New machine-assisted therapies suggest progress in regaining limb function may be possible even several years later. Researchers theorize that boosting arm function helped patients be more active overall, which led to wider health improvements. “We believe that by gaining more function and better control of their affected arms, patients were able to get out and do more, translating their motor benefits into additional meaningful social activity and participation,” said Lo.
The study featured a robot called the MIT-Manus, which had been tested in a few smaller trials. Users sit at a table with their affected arm attached to the device. They follow therapists’ instructions or computerized prompts and move a cursor on a screen — somewhat like a video game — and try to perform a task with their arm. The robot senses their movement and helps as needed.
“The robots provide ‘power steering’ for the arms — just enough assistance to allow people to move,” said George Wittenberg, a neurologist at the VA and the study’s lead investigator in Baltimore.
The intensive therapy tested in the study, with or without robots, takes advantage of neuroplasticity — the ability of the adult brain to “rewire” itself. When neurons die because of a stroke, other brain cells, prompted by assisted body movements, begin compensating for the lost function.

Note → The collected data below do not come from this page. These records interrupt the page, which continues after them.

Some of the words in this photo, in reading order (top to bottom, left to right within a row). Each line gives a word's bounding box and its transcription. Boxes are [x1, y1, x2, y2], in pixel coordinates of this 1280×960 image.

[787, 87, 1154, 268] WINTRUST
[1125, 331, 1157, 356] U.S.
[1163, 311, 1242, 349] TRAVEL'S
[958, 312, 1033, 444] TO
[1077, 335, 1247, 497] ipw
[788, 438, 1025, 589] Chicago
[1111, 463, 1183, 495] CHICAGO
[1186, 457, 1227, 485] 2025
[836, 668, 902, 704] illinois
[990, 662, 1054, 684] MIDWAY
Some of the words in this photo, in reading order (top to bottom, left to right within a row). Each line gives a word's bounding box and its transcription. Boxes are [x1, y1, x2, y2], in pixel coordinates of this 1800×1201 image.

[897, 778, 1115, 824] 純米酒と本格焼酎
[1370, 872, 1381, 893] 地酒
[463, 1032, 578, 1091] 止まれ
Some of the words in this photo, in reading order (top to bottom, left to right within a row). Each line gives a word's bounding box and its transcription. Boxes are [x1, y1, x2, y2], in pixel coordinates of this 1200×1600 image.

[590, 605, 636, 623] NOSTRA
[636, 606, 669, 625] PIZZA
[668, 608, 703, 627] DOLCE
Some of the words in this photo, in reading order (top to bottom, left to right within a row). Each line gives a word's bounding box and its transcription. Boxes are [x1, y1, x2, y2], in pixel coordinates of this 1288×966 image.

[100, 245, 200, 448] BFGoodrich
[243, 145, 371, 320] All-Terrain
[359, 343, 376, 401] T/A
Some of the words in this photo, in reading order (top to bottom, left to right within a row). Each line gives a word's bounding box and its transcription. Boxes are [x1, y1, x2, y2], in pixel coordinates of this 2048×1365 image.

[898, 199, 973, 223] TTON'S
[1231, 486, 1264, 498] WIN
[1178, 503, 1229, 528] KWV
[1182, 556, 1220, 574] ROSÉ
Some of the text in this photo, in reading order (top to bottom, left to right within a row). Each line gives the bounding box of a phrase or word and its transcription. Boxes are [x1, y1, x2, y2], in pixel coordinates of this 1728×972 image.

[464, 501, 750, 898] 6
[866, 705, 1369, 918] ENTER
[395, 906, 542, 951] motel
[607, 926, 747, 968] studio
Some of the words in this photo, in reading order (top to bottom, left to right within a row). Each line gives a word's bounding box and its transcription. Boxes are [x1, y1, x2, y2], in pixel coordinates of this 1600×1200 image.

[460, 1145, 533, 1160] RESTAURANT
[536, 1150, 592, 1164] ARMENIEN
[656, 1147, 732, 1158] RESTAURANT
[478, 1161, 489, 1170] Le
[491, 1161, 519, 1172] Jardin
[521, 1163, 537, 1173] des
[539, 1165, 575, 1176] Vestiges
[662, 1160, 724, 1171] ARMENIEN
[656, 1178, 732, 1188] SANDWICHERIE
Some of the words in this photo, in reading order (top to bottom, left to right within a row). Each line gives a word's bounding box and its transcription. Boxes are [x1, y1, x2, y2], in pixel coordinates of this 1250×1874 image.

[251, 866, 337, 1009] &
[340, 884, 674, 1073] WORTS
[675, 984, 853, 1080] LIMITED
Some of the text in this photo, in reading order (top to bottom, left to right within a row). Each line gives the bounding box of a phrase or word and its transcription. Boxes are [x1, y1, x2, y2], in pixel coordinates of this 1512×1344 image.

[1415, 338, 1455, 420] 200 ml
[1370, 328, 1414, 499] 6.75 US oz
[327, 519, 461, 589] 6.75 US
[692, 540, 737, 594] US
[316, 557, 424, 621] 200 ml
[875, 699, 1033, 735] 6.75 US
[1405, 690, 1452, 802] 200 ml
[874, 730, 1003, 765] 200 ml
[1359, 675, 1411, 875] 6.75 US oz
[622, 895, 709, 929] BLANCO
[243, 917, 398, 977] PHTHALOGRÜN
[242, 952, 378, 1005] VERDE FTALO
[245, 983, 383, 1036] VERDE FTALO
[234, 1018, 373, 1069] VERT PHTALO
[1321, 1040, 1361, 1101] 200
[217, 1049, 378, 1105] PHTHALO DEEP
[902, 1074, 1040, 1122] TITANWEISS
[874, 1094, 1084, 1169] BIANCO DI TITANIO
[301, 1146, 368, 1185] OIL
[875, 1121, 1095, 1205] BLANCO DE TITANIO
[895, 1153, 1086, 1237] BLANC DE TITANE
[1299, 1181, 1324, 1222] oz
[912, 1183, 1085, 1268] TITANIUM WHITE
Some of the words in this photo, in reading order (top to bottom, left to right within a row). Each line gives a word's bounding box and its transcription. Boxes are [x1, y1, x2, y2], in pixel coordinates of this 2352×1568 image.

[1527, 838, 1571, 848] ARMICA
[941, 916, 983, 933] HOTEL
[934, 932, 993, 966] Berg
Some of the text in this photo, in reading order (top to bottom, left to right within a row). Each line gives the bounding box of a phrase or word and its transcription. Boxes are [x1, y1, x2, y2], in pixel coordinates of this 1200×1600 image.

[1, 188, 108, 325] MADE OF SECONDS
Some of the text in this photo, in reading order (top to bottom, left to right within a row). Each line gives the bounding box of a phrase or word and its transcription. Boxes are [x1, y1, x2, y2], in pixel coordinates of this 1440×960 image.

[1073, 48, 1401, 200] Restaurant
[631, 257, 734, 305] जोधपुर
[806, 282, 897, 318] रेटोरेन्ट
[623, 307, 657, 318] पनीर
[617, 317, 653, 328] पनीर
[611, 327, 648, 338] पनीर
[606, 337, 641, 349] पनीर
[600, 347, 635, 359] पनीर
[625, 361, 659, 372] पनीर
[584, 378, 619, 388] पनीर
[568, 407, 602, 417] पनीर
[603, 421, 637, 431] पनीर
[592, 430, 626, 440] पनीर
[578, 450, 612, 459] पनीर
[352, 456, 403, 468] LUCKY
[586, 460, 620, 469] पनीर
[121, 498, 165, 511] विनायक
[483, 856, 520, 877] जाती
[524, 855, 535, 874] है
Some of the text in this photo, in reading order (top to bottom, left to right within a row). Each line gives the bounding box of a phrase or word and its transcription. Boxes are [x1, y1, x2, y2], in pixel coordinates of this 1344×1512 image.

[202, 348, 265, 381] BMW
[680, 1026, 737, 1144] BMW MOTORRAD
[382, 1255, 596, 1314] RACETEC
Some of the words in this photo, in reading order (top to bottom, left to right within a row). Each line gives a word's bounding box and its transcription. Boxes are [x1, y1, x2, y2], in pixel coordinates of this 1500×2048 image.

The study took place at VA medical centers in West Haven, Conn., Baltimore, Gainesville, Fla. and Seattle. The three-year randomized control trial by the U.S. Department of Veterans Affairs enrolled 127 veterans at four VA sites. All had suffered a stroke at least six months earlier and had moderate to severe impairment of an arm. On average, the strokes had occurred nearly five years before; one-third of the victims had suffered multiple strokes. Patients typically get rehabilitation therapy only during the first six months or so after a stroke. Conventional thinking has been that long-term stroke survivors cannot accrue additional meaningful benefits after that time. Recent studies, though, have begun to suggest otherwise.
The therapy involved repetitive, guided movement, three times a week, for three months. One group of patients underwent upper-limb therapy with the use of robots designed at the Massachusetts Institute of Technology. Others did similar high-intensity exercises with a therapist. At each session, the patients performed 1,024 upper-arm movements, a substantially more intense workout than in a conventional rehabilitant protrotion session. A third, smaller group had only “usual care” — they received general health care but no specific therapy for their stroke-damaged upper limb.
Patients who had 12 weeks of robot-assisted therapy showed statistically significant improved quality of life (an eight-point improvement on the Stroke Impact Scale) compared to those who had no additional therapy. At six months, patients aided by the robotic therapy showed clinically significant upper-arm function (three-point improvement on the Fugl-Meyer Scale) compared to the usual care group.